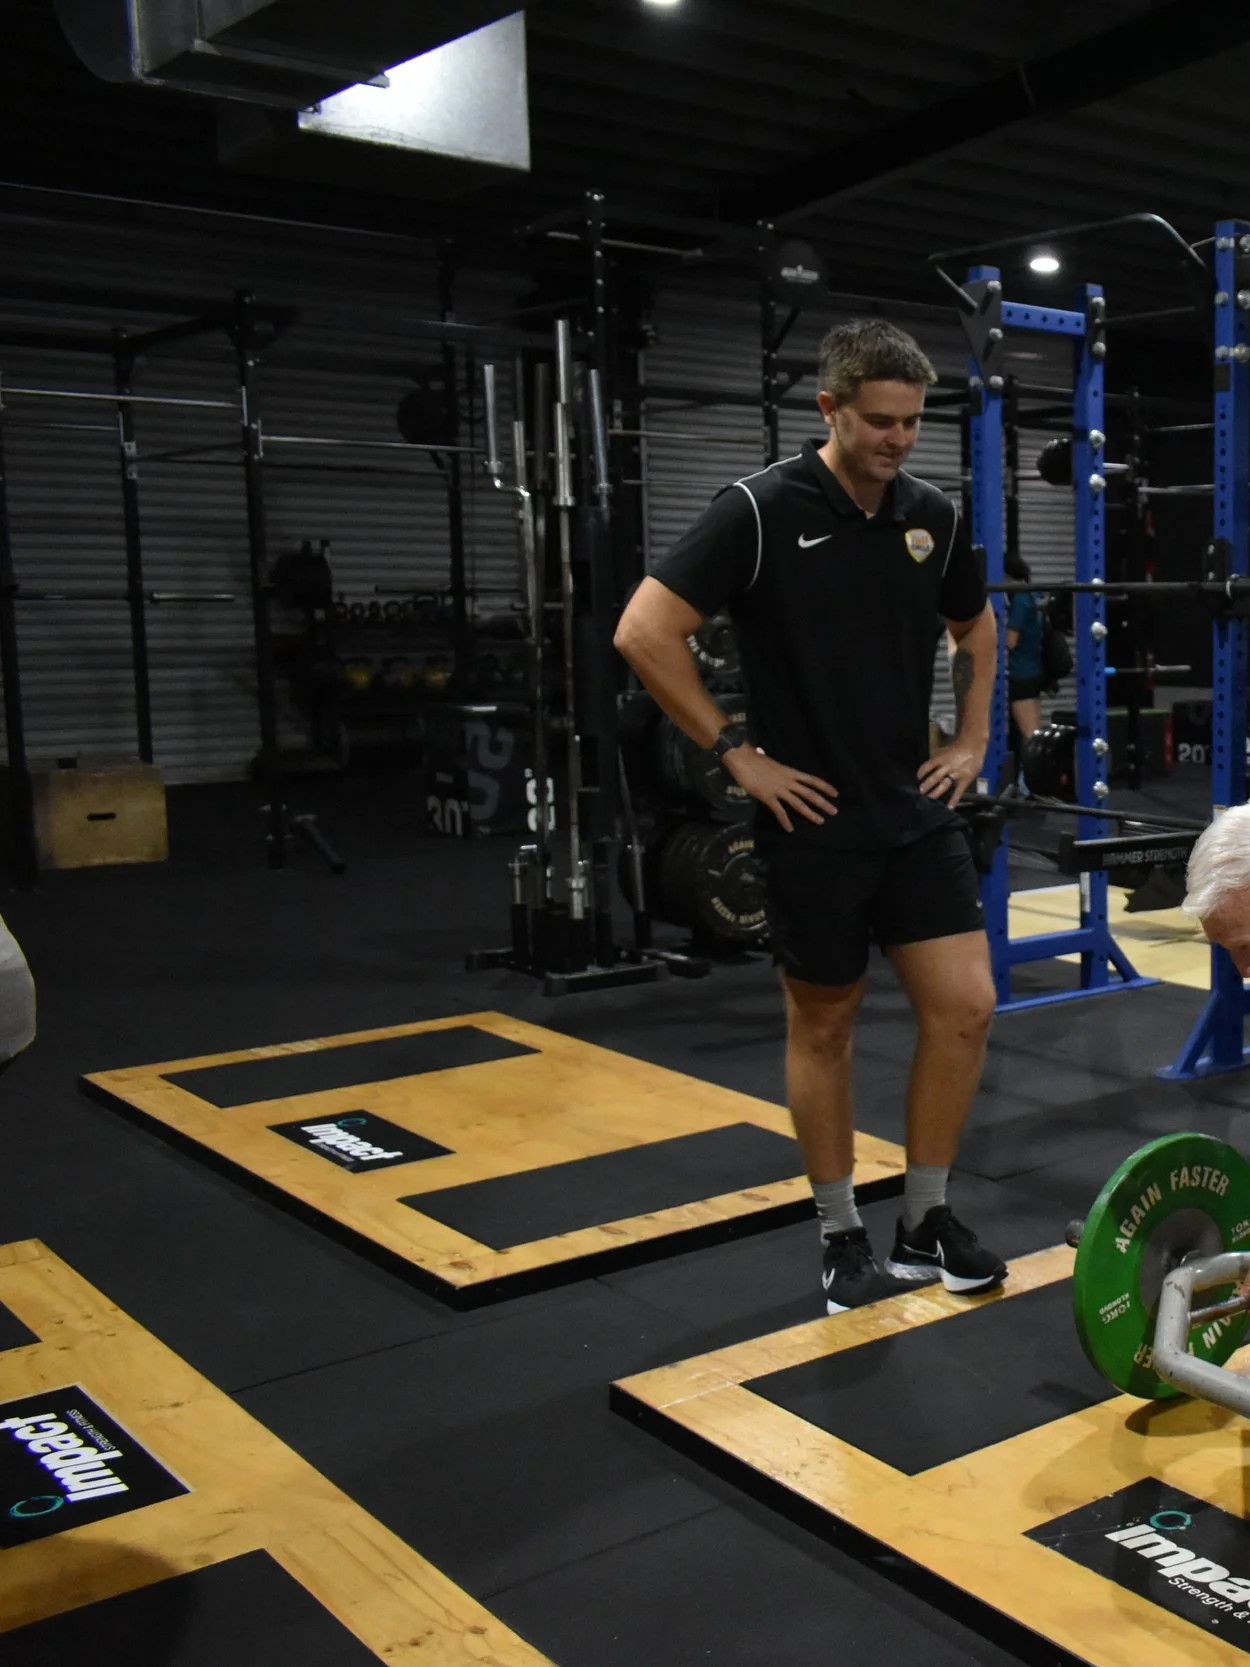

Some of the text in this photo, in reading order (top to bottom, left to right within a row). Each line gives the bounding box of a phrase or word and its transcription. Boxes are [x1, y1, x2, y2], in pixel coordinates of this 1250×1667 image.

[299, 1121, 404, 1162] impact
[1114, 1165, 1231, 1255] AGAIN FASTER
[0, 1411, 131, 1503] impact
[1167, 1575, 1235, 1615] Strength
[1232, 1609, 1250, 1623] &
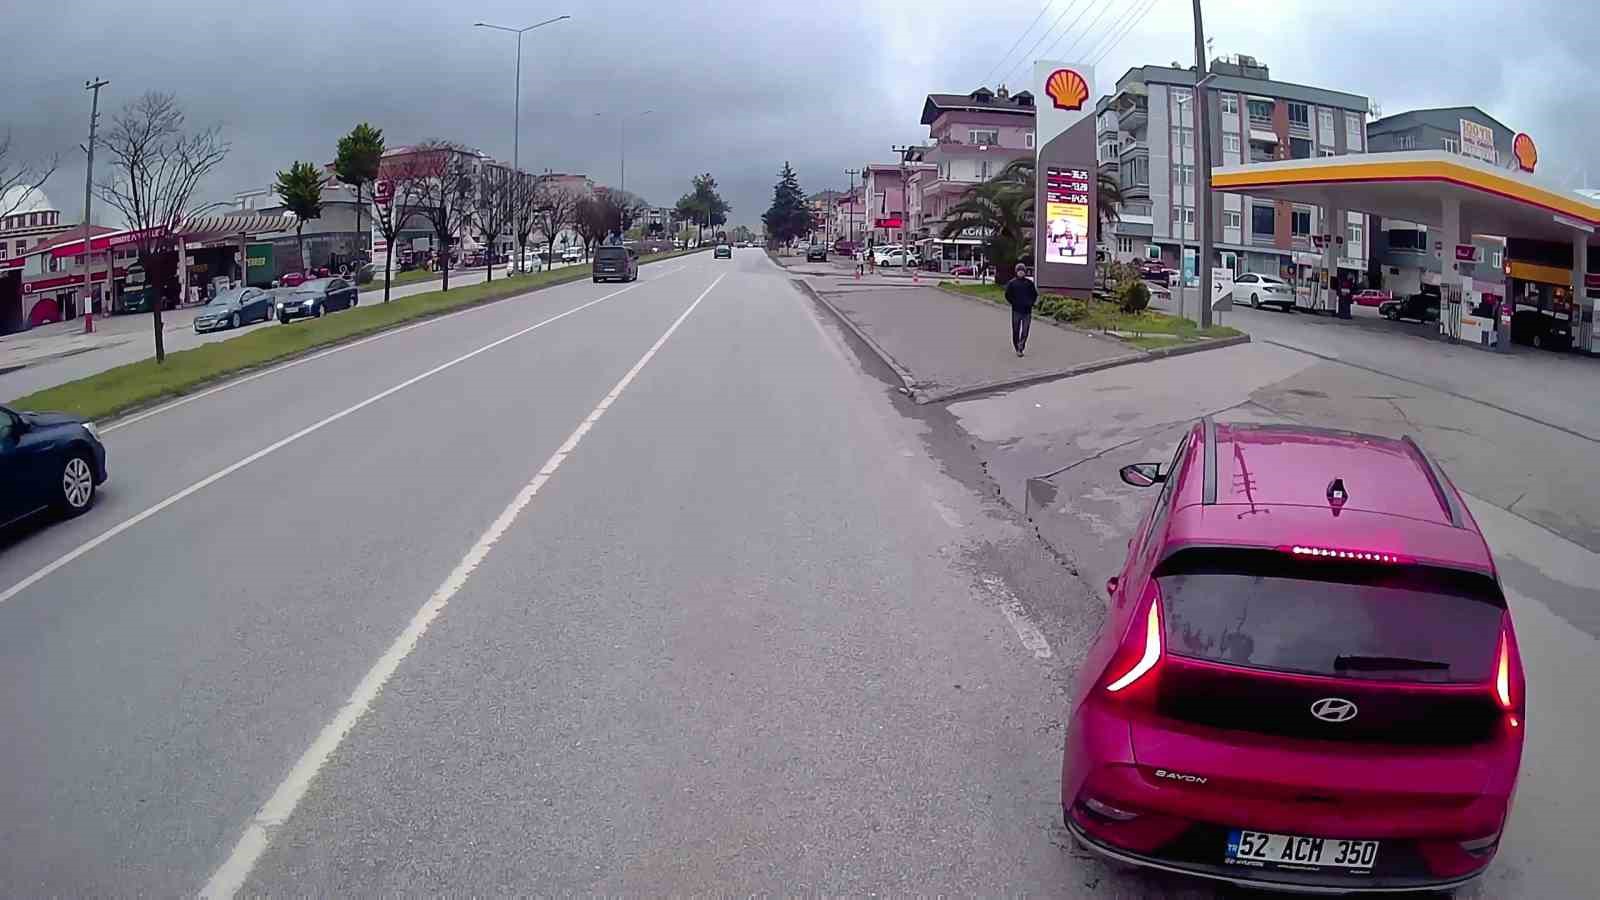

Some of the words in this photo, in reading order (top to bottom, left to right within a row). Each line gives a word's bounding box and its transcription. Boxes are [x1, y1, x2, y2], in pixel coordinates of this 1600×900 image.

[1155, 769, 1208, 784] BAYON
[1239, 832, 1270, 858] 52
[1280, 835, 1325, 863] ACM
[1334, 840, 1377, 866] 350

**INSTRUCTIONS TO FOLLOW**
Leave the pictures out and output the rest of the listing exactly.

**RESULT OF THIS EXERCISE**
Some of the text in this photo, in reading order (top to bottom, left to right within a row). Each line gives the bounding box of a phrase or word and its transcription. Boxes are [x1, y1, x2, y2], in pixel coordinates of this 1250×1667 image.

[299, 1121, 404, 1162] impact
[1114, 1165, 1231, 1255] AGAIN FASTER
[0, 1411, 131, 1503] impact
[1167, 1575, 1235, 1615] Strength
[1232, 1609, 1250, 1623] &

Some of the words in this photo, in reading order (top to bottom, left to right within a row). Each line gives a word's bounding box and its transcription. Boxes are [x1, y1, x2, y2], in pixel coordinates of this 1600×900 image.

[1155, 769, 1208, 784] BAYON
[1239, 832, 1270, 858] 52
[1280, 835, 1325, 863] ACM
[1334, 840, 1377, 866] 350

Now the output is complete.